High time, I thought, that I did my literary bit for the pro-European lobby.
My personal bid to Rejoin
I started with a couple of Georges Simenon’s Maigret novels, then segued into a bit of Friedrich Dürrenmatt. Comfort reading, really, as they’re both old favourites from student days. They also seemed to complement fog-shrouded January mornings and my evening consumption of bold, robust cabernets and strong blue cheeses.
Simenon’s The Misty Harbour (Le Port des Brumes) was especially atmospheric, much of it set in a bleak little harbour town in Brittany. Made you want to stand about at dusk on a foggy, rock-encircled quayside in a hat and big overcoat, pulling your best Jean Gabin face while pretending to investigate murders, but really just looking forward to a night on the beer and calvados in that ramshackle tavern by the harbourmaster’s office.
Anyway, one thing led to another and I found myself looking up recommendations for post-1945 French crime writers. They mostly sounded like Gallic versions of David Baldacci and Michael Connolly, and I was getting a bit dispirited until I found glowing write-ups on Frédéric Dard, Jean-Patrick Manchette and Pascal Garnier, all three of whom have gained loads of new readers since a slew of post-2000 translations into English.
Through the magic of the Kindle store, I was soon ploughing my way through their books. The ones I read are all fairly short (roughly 100-150 pages each) and mostly quite pacy, so you tear through them like nobody’s business.
Frédéric Dard: the James M Cain of Bonnefontaine
Frédéric Dard certainly churned the stuff out, responsible for over three hundred novels, film scripts and plays in a lengthy, obviously successful career.
I chose a Kindle bundle of four, all from the late fifties and very early sixties. Dard’s tough, brutal noir novels, it turned out, were just up my street.
Almost as soon as I started The Gravediggers’ Bread (Le Pain des Fossoyeurs), I was enchanted. As early as chapter one, the hard-up, hard-boiled narrator comes out with this:
“Fargeot’s voice sizzled like a doughnut in boiling oil.”
Immediately, I feel confidence and love for the writer. It’s Chandleresque with a smidgin of James M Cain thrown in for good measure. You get the idea of a bad telephone line to Paris, but also a keen sense of Fargeot’s dubious character and a suggestion of the narrator’s terms of reference.
He later describes “these walls with their yellowing wallpaper, the colour of incurable diseases…” and you’re verging on William Burroughs territory. It’s an odd, brilliant novel, a sort of Gallic take on The Postman Always Rings Twice with a clear line of descent from Zola’s La Bête Humaine. Lovers of Jim Thompson’s odd, skewed narratives by cold psychos, itinerant heist-merchants, amoral conmen and obsessive artists will feel right at home with this account of an unemployed chancer coming to work for an ageing provincial undertaker and his significantly younger wife.

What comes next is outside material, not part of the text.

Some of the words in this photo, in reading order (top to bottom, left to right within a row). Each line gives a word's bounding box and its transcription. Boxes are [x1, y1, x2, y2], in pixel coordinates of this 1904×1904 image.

Bird in a Cage (Le Monte-Charge) is set on Christmas Eve. Albert, who has “been away” for a while, has a chance encounter with a woman in his old neighbourhood which leads to serious trouble. This one begins as a promising unreliable narrator story but turns out to be just twists. Enjoyable enough, though.
Much better is Crush (Les Scélérats), narrated by teenager Louise, a dissatisfied denizen of coal-grimed, smoky Leopoldville. She becomes enchanted by a sparkling, glamorous American couple’s apparently idyllic lifestyle and offers to become their maid. All is not well, however. Risque themes abound as our ‘innocent’ narrator’s disturbing tale unfolds.

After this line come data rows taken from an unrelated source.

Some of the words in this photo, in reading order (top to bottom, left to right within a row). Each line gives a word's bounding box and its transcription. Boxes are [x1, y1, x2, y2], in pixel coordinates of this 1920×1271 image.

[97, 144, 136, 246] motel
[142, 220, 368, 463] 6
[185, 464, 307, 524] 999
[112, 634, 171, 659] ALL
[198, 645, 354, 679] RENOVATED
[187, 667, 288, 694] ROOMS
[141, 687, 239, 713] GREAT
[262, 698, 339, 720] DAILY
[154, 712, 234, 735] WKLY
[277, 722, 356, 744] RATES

The Executioner Weeps (Le Bourreau Pleure) is perhaps the best of the four. Daniel Memert, a young Parisian artist slumming it in a beach community just outside Barcelona, accidentally runs over a beautiful young woman one night. She is French, like him, but amnesiac. As he tries to find out who she is, and falls in love, her past commits him to a deadly path. Echoes of James M Cain’s superb Serenade abound here. Dard’s spare, beautifully atmospheric evocation of le plein soleil of 1960s (Franco-era) Spain is effectively undercut by dark, noir themes of guilt, psychosis and savagery.
You’re reminded, at times, of Camus and Sartre, even Genet. You’re reminded, even more, of some of the great, gritty sixties films of the French New Wave: Le Beau Serge, Les Cousins, Lola, La Peau Douce, Les Bonnes Femmes, La Boucher.

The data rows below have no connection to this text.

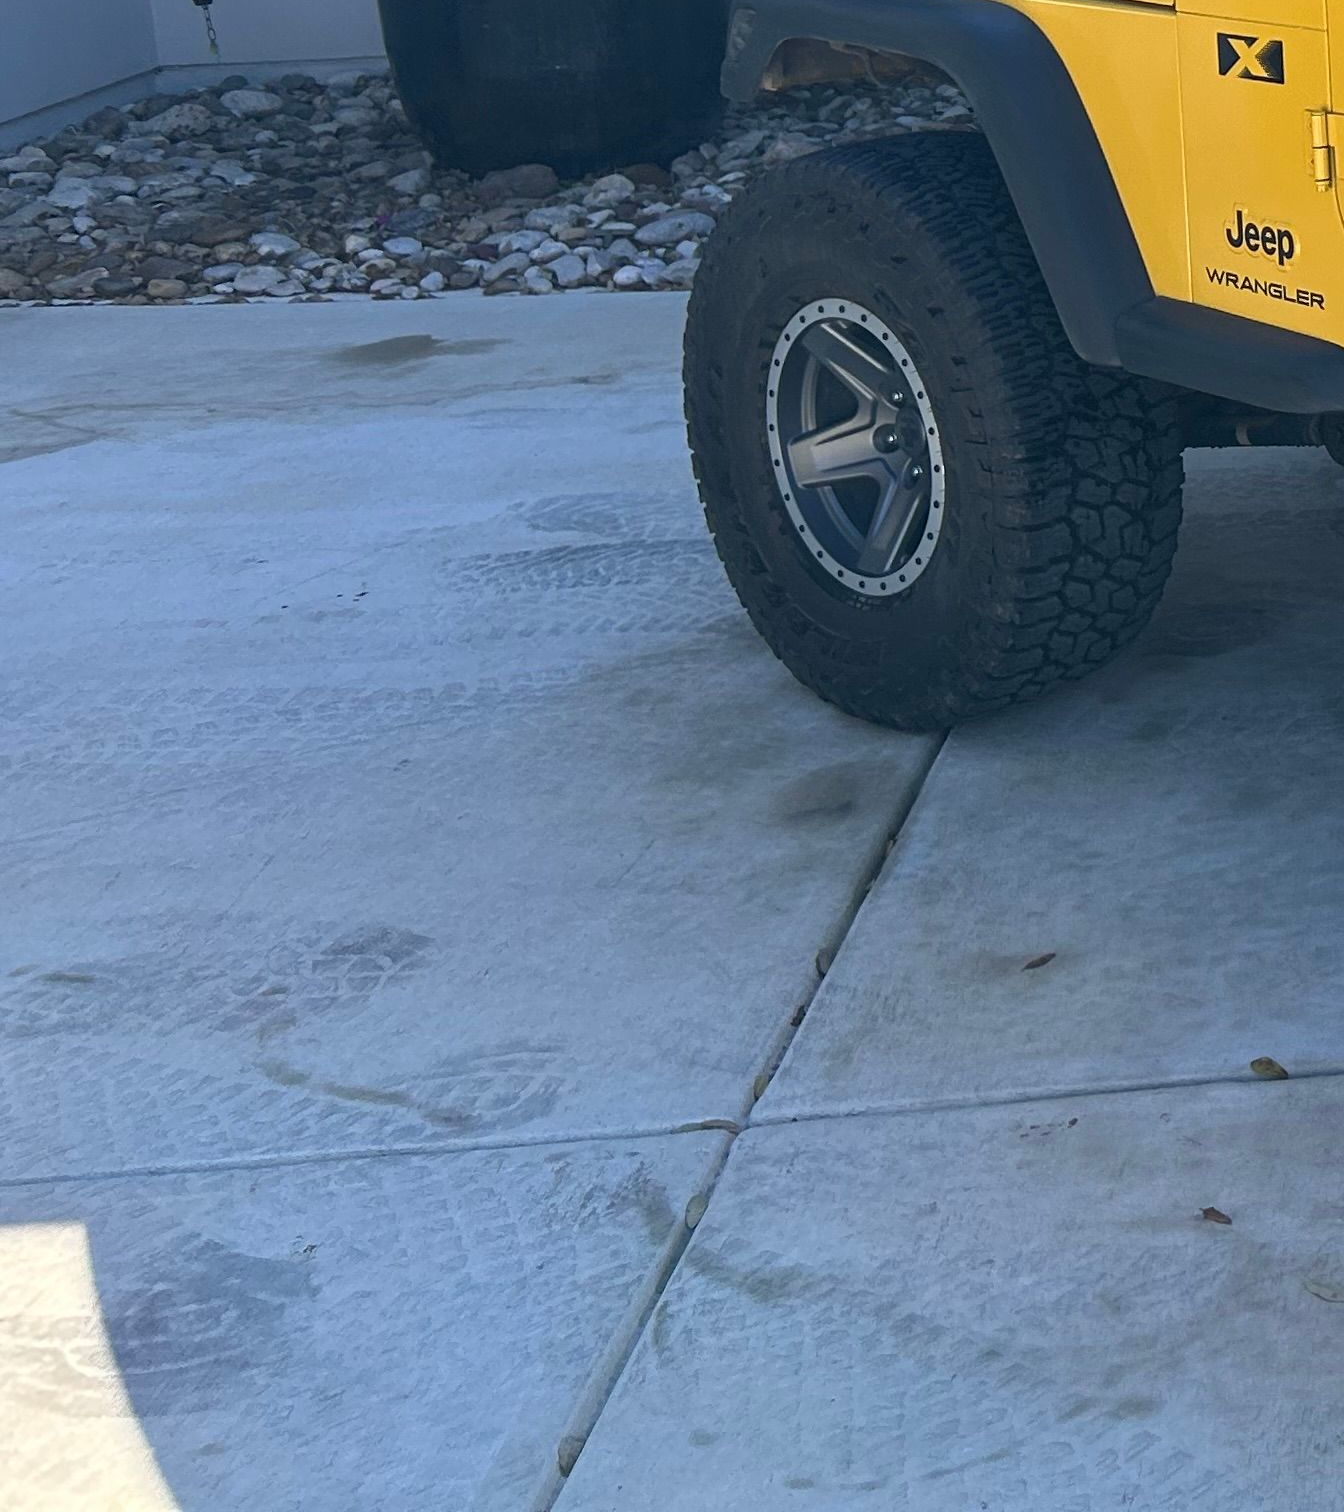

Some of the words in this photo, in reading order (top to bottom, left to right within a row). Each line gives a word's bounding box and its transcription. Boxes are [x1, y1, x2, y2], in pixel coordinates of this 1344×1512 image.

[1222, 35, 1274, 81] X
[1225, 209, 1295, 266] Jeep
[1205, 266, 1325, 310] WRANGLER
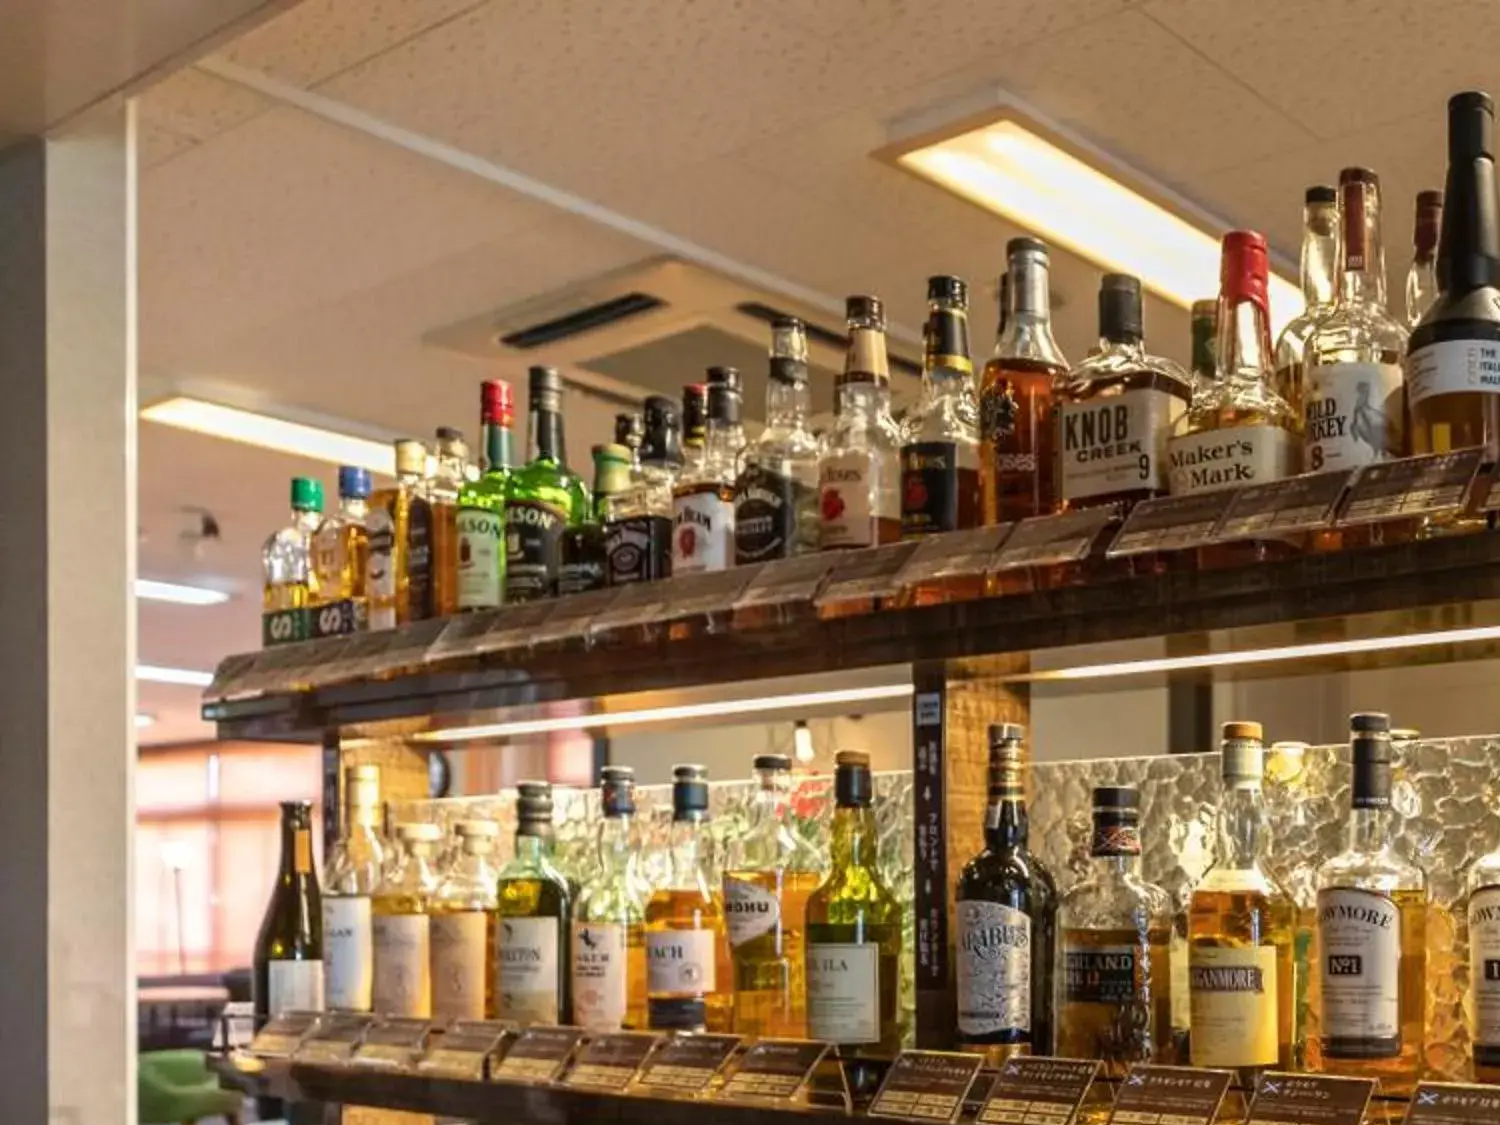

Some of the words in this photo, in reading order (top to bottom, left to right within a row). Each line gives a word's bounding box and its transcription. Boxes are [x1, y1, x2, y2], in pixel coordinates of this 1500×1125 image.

[1065, 404, 1128, 451] KNOB
[1077, 440, 1142, 463] CREEK
[1169, 438, 1253, 469] Maker's
[1311, 445, 1324, 471] 8
[1138, 453, 1150, 480] 9
[1190, 462, 1255, 489] Mark
[1320, 904, 1393, 930] OWMORE

Jean-Patrick Manchette: hardboiled radical
Manchette’s stuff, at first sight, is reminiscent of that of his British contemporaries, Ted Lewis and Derek Raymond. Bloody, brutal, exciting tales of underworld sorts doing nasty things to people with guns, pliers, blowtorches and so on. Here’s a taste from early on in The Gunman/The Prone Gunman (La Position du Tireur Couché), the one that got made into a film starring Sean Penn:
“…Dubofsky’s head, which was split open, full of holes, and shattered like the shell of a hard-boiled egg, hit the sidewalk with a squishy sound. Terrier took two steps forward, extended his arm, put the silencer against the girl’s heart, and pressed the trigger once. The girl flew back, her intestines emptying noisily, and fell dead on her back. Terrier got back in the Bedford and left.”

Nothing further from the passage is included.